**How to complete this task**
The answer must repeat every record exactly, with all pictures omitted.

**Records supplied**
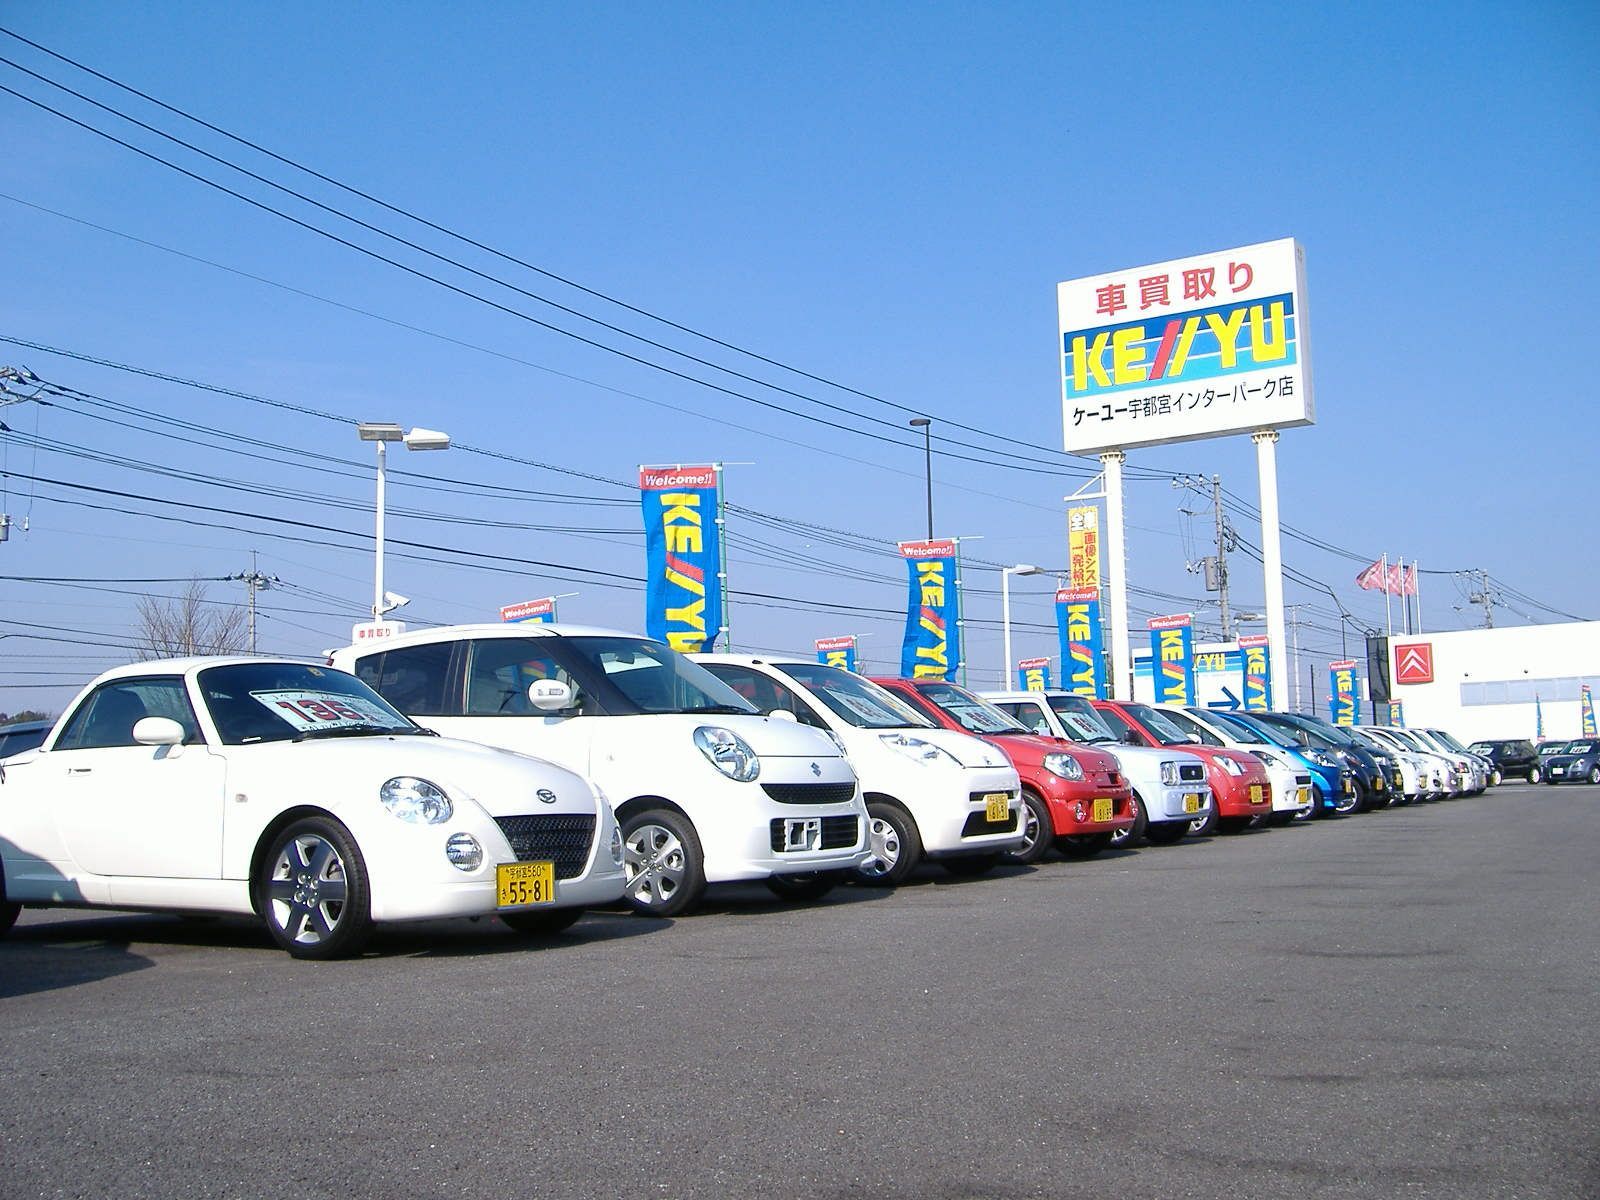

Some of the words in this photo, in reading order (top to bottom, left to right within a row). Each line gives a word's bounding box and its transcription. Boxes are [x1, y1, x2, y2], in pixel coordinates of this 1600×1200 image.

[1096, 262, 1254, 316] 車買取り
[509, 879, 549, 904] 55-81
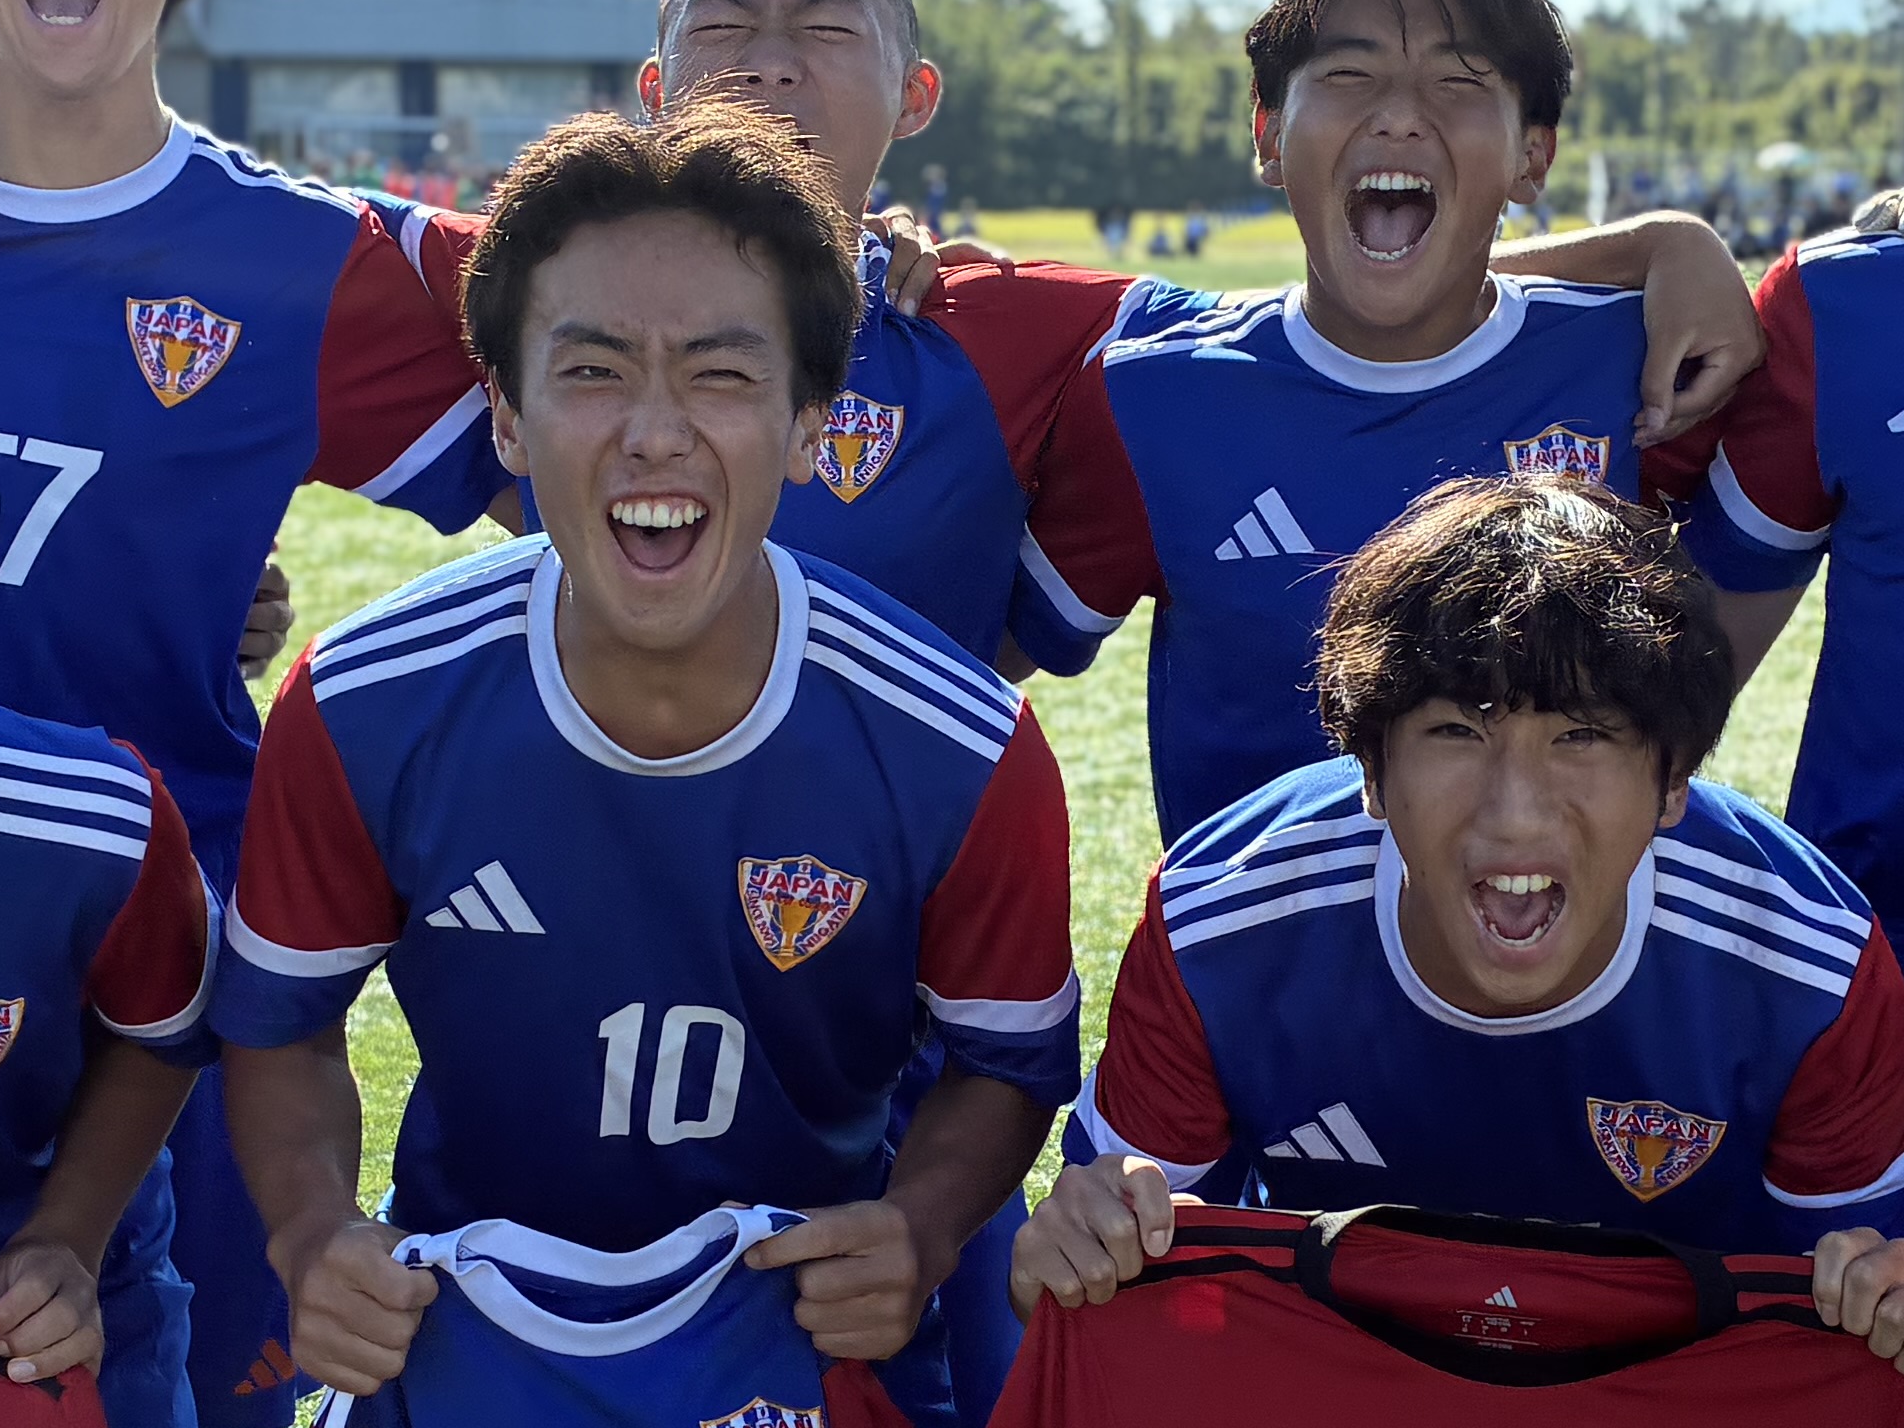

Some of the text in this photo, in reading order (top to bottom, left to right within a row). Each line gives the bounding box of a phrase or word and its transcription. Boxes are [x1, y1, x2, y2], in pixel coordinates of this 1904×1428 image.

[137, 307, 228, 344] JAPAN
[826, 412, 894, 430] APAN
[750, 870, 854, 902] JAPAN
[598, 1003, 745, 1145] 10
[1600, 1108, 1711, 1140] JAPAN
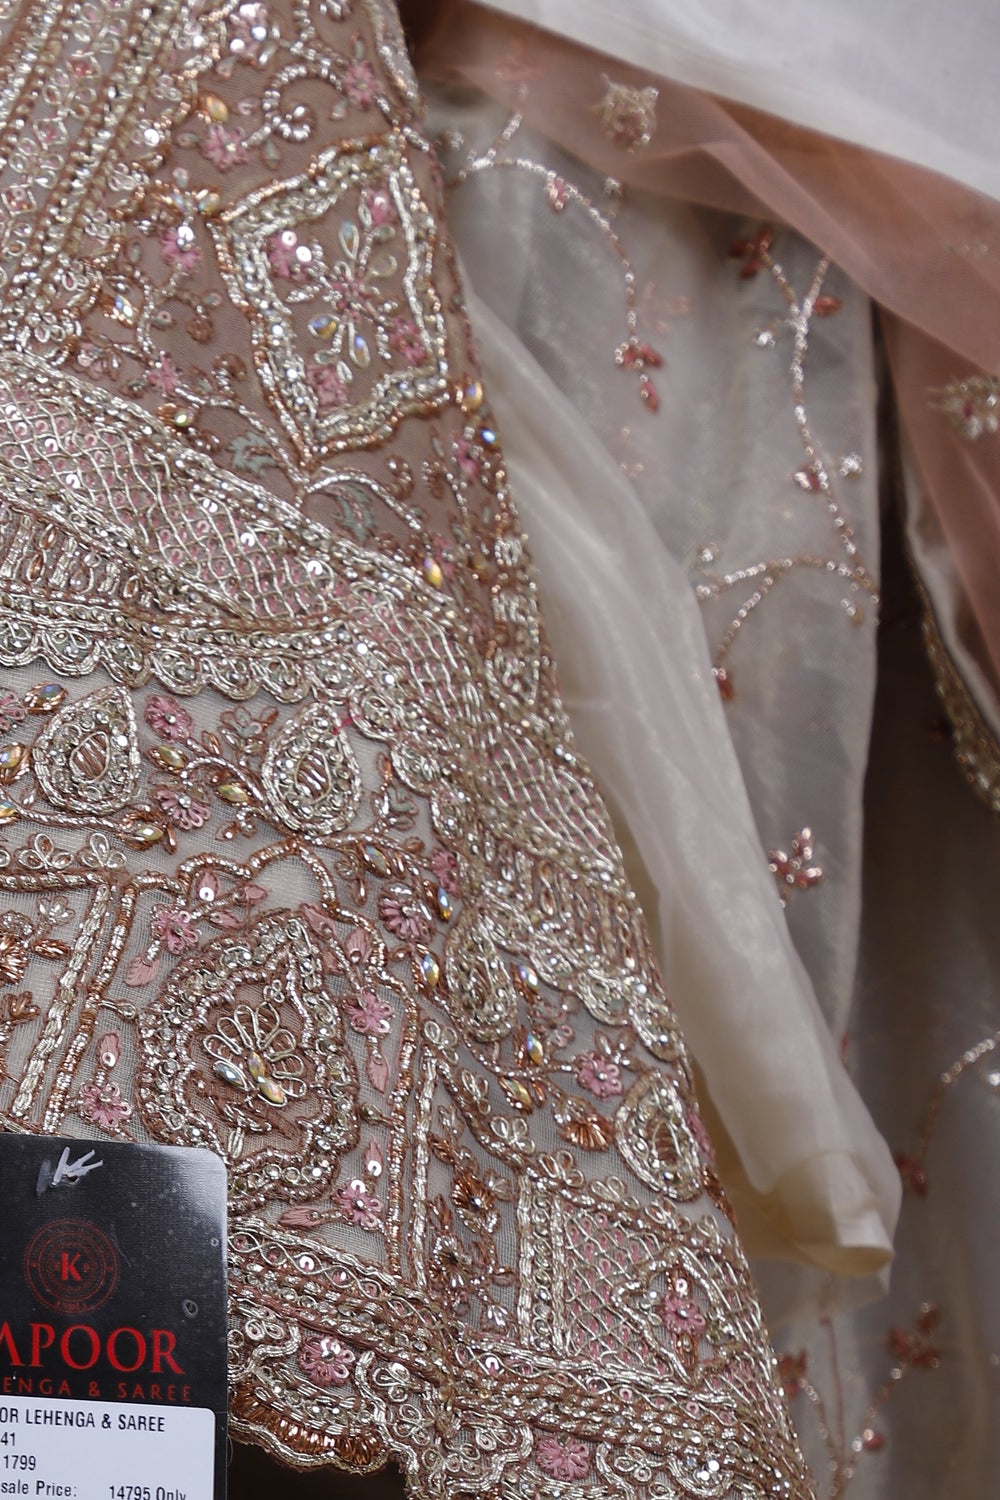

**Exercise answer**
Some of the words in this photo, in reading order (top to bottom, left to right within a row). Each line gives a word's bounding box and its transcription. Boxes are [x1, y1, x2, y2], in pixel coordinates of this 1600×1200 image.

[1096, 262, 1254, 316] 車買取り
[509, 879, 549, 904] 55-81

Some of the text in this photo, in reading order (top to bottom, left to right within a row). Each line gives the bounding box of a phrase or word and its transcription. Boxes are [x1, y1, x2, y2], in pixel coordinates of this 1904×1428 image.

[137, 307, 228, 344] JAPAN
[826, 412, 894, 430] APAN
[750, 870, 854, 902] JAPAN
[598, 1003, 745, 1145] 10
[1600, 1108, 1711, 1140] JAPAN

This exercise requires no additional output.